A desert in Arizona produces cotton, A desert in California produces artichokes, there are birds and animals that live there, Butterflies and bugs.

But to mattpew, the Desert he does not like, its as if Mattpew is a bigot, a "waste land"? A "fucking waste land", in bold letters, so we see the true colors of mattpew. Matthpew does not see the desert, most likely never touched the desert, so he thinks its all waste land. I admit big areas of dry land may seem like a waste to some, but they are part of the environment, part of the earth, some of us enjoy the desert, people in the future will not if mattpew and people the same get their way. Bigots pass judgement without knowledge of what they judge.

If most of the land Solar is built on non-usable wasteland, why did President Bill Clinton declare all the Desert Solar is destroying protected federal land.

Tortoise-Eating-Breakfast.jpg


Tortoise-food.jpg
 
it's the whole monopolization of power that keeps us all enslaved to stupidity and greed. The goal should be to take all houses off the grid right were they are and with installations put on them. period. ground heat and cooling, solar power/ wind with battery or converted to hydrogen gas stored in tanks etc... But nobody wants to set anybody free from their rule. it's sad.
 
Solar must destroy the Earth to save the Earth?

No , only half a million kilometers of desert is needed to cover current and future energy needs up to 2030.

Land Art Generator Initiative

Yep, we could power our entire nation with only a half million kilometers of desert with solar. This isn't including wind, geo-thermal or even roof top solar, etc. Most of this desert would already be effin wasteland in the middle of no where...
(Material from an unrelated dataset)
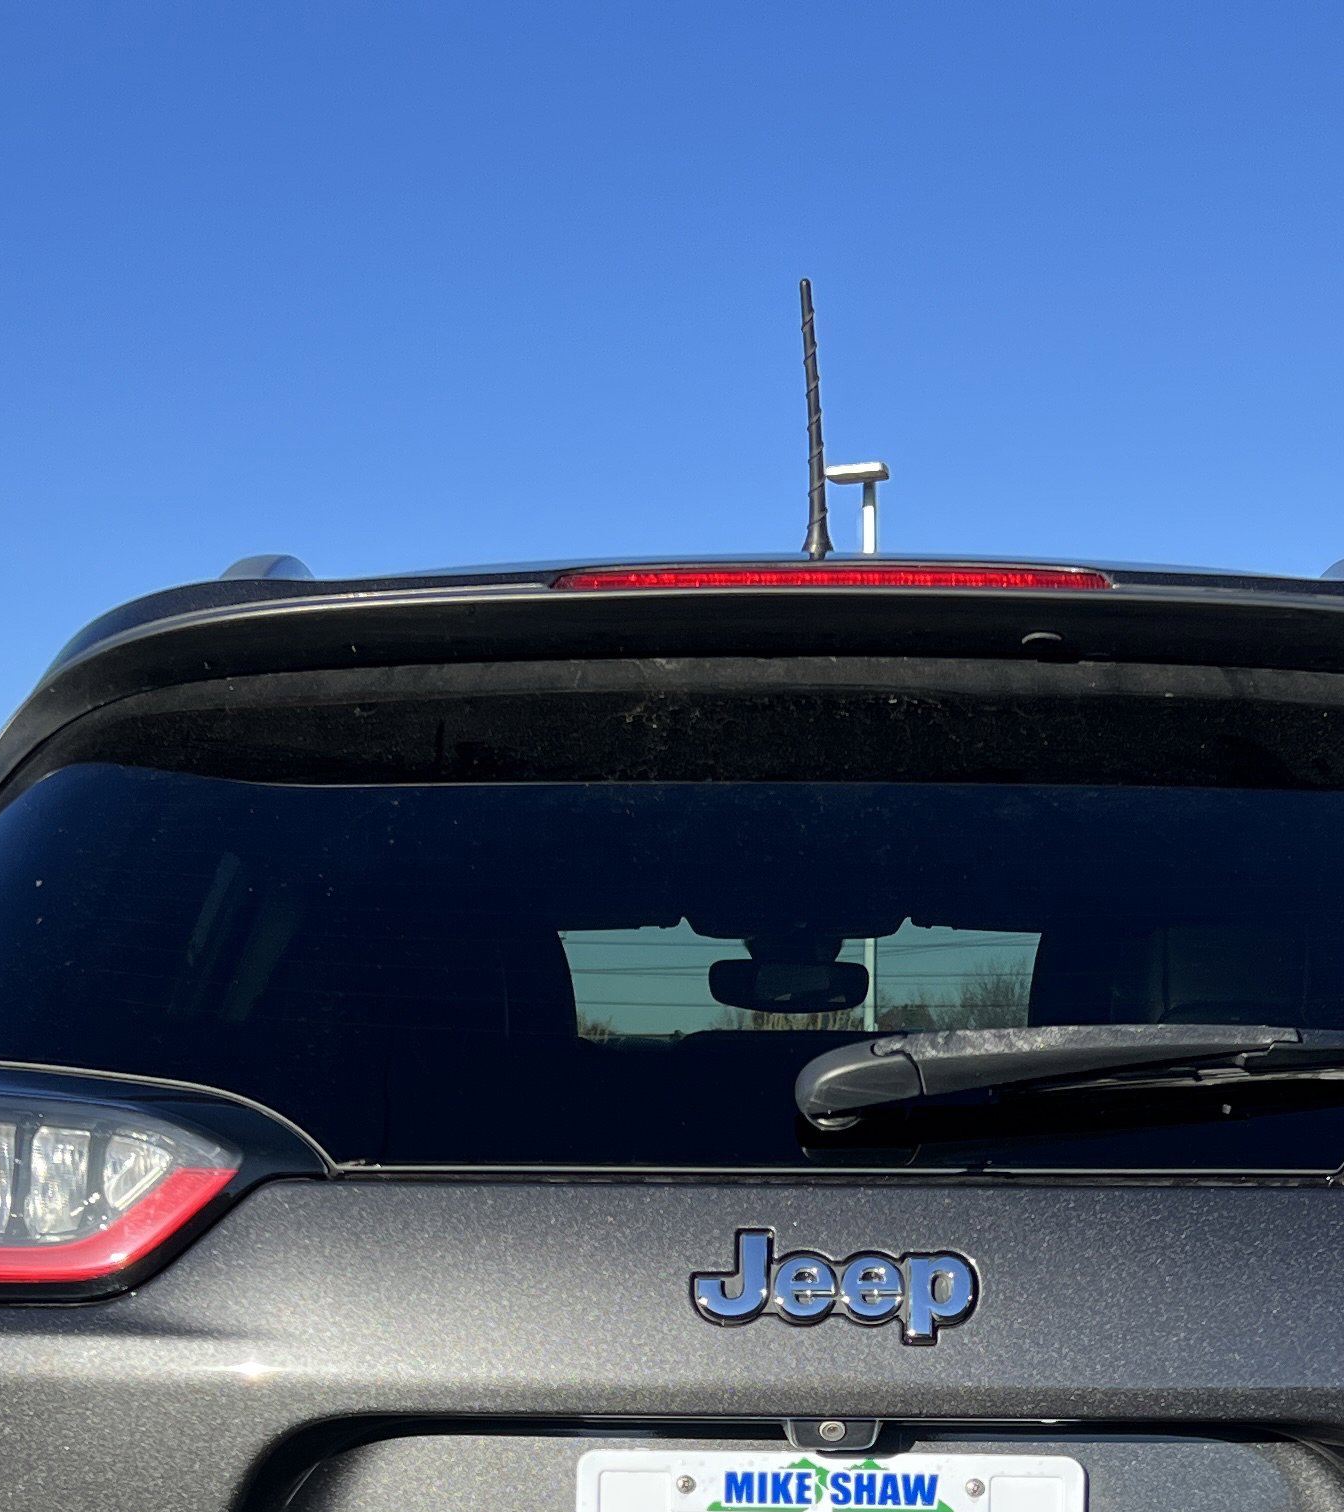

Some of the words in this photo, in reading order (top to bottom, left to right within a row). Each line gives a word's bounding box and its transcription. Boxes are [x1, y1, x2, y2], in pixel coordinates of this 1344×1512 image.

[691, 1228, 981, 1345] Jeep
[724, 1470, 813, 1505] MIKE
[829, 1472, 939, 1507] SHAW
Better than digging up a large chunk of our nation for coal or drilling here and their for natural gas! Also, humans are never going to be perfect as we build cities and roads. But, hey that's why we form national parks and try to focus our impact only in cities.
 
This is much preferable, Elektra?





The Appalachian region is home to one of the oldest and most biologically diverse mountain systems on the continent. Tragically, mountaintop removal mining has already destroyed more than 500 mountains encompassing more than 1 million acres of central and southern Appalachia.

After the coal companies blast apart the mountaintops, they dump the rubble into neighboring valleys, where lie the headwaters of streams and rivers, like the Kanawha, Clinch, and Big Sandy. The exposed rock leaches heavy metals and other toxics that pose enormous health threats to the region’s plants and animals — and people.

- See more at: Ecological Impacts of Mountaintop Removal Appalachian Voices
 
This is much preferable, Elektra?





The Appalachian region is home to one of the oldest and most biologically diverse mountain systems on the continent. Tragically, mountaintop removal mining has already destroyed more than 500 mountains encompassing more than 1 million acres of central and southern Appalachia.

After the coal companies blast apart the mountaintops, they dump the rubble into neighboring valleys, where lie the headwaters of streams and rivers, like the Kanawha, Clinch, and Big Sandy. The exposed rock leaches heavy metals and other toxics that pose enormous health threats to the region’s plants and animals — and people.

- See more at: Ecological Impacts of Mountaintop Removal Appalachian Voices
Solar Power plants require square miles of land, while providing a tiny bit of electricity, that strip mine that would fit into one Solar Farm can supply California with its entire Energy needs for a fraction of the cost.

But Solar causes even more damage, Solar requires strip mining, Solar literally doubles the size of strip mines.
 
That is all, a bargain, for a form of energy that was not needed and is going bankrupt left and right.

Wait a few months more and you'll discover which form of energy is not needed and going bankrupt, because its break-even price is arround 70 USD per barrel.